7. Grant of PSUs which is classified as "Common Stock," as permitted, since the PSUs will be settled solely by delivery of shares of the Company's common stock upon vesting. A specified percentage of this target award will vest and be settled based upon the satisfaction of certain performance conditions over a three-year performance period ending on the final day of fiscal year 2022. The performance conditions to be used shall be those approved by the Committee in connection with the Company's 2020 Long-Term Incentive Program and shall be set forth in the form of PSU award agreement approved by the Committee. Each vested PSU will be settled in shares of the Company's common stock.
8. Between December 9, 2019, and February 6, 2020, the reporting person acquired 137.3692 share equivalents of Navient common stock under the Navient 401(k) Savings Plan. The information in this report is based on the reporting person's actual account balance as of February 6, 2020.

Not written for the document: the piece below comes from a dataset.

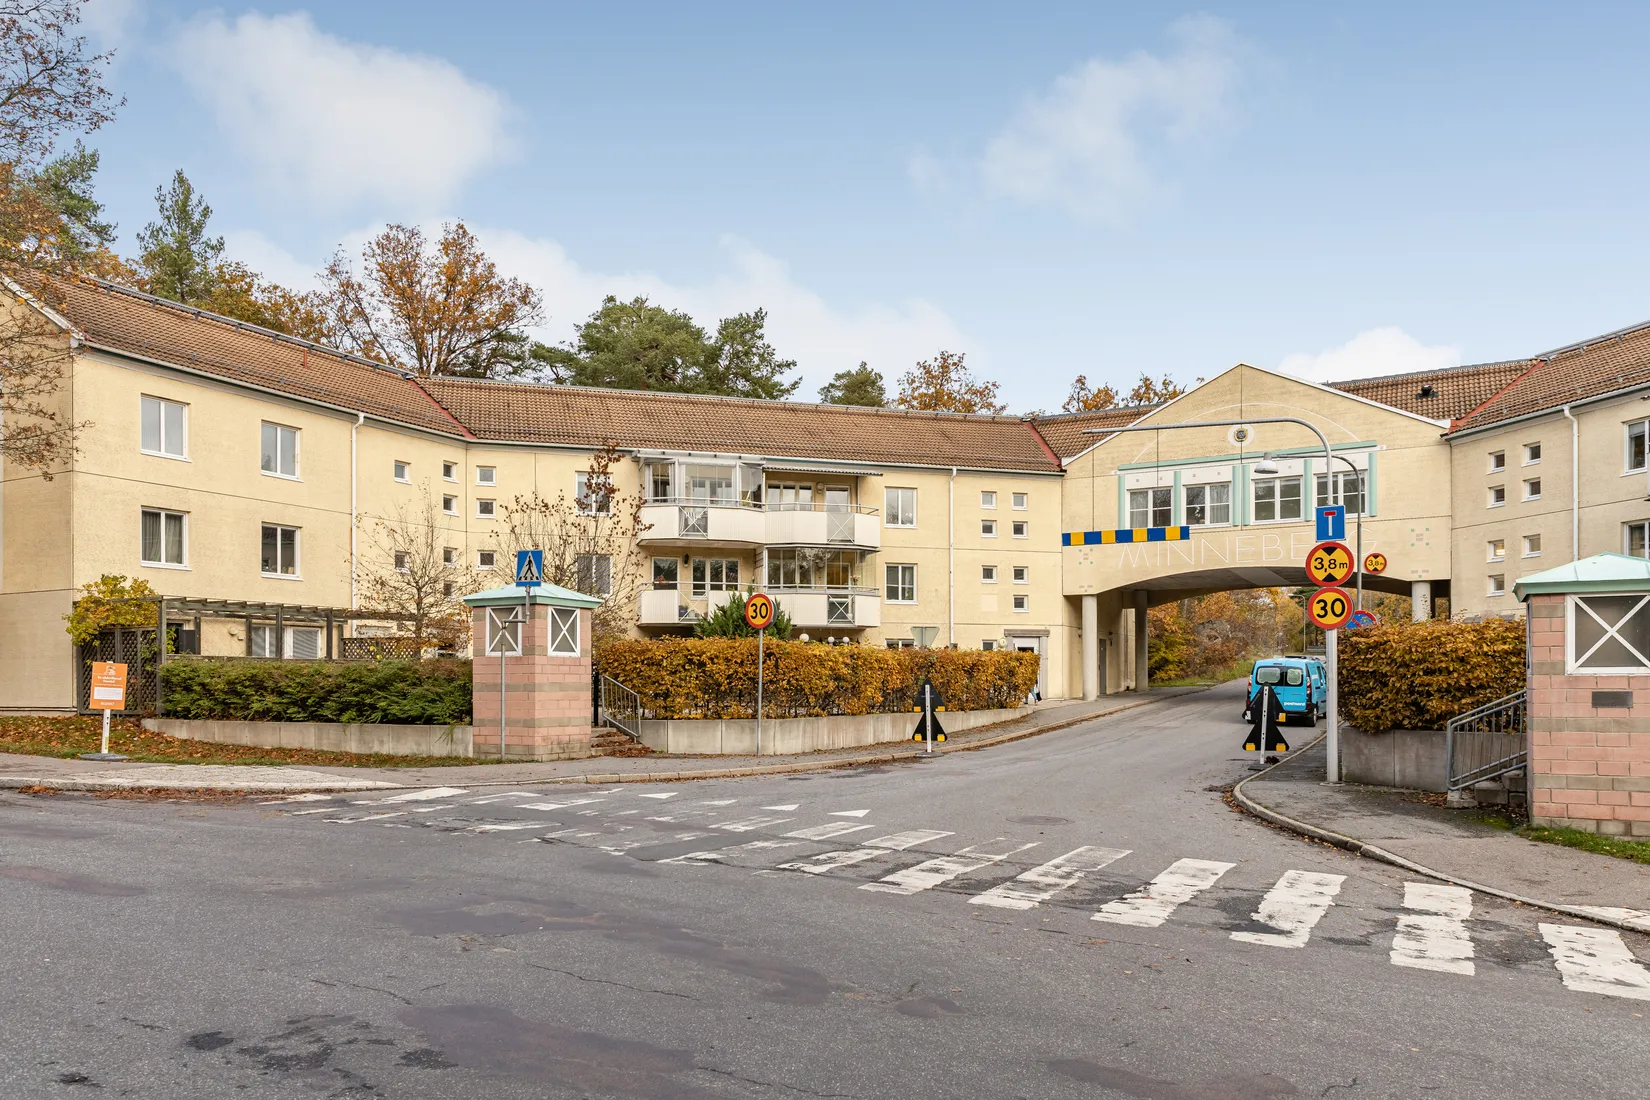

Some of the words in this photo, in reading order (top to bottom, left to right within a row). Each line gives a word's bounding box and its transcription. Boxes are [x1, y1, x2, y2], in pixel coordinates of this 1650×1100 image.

/s/ Kurt T. Slawson (POA) for Mark L. Heleen 02/07/2020
** Signature of Reporting Person Date
Reminder: Report on a separate line for each class of securities beneficially owned directly or indirectly.
* If the form is filed by more than one reporting person, see Instruction 4 (b)(v).
** Intentional misstatements or omissions of facts constitute Federal Criminal Violations See 18 U.S.C. 1001 and 15 U.S.C. 78ff(a).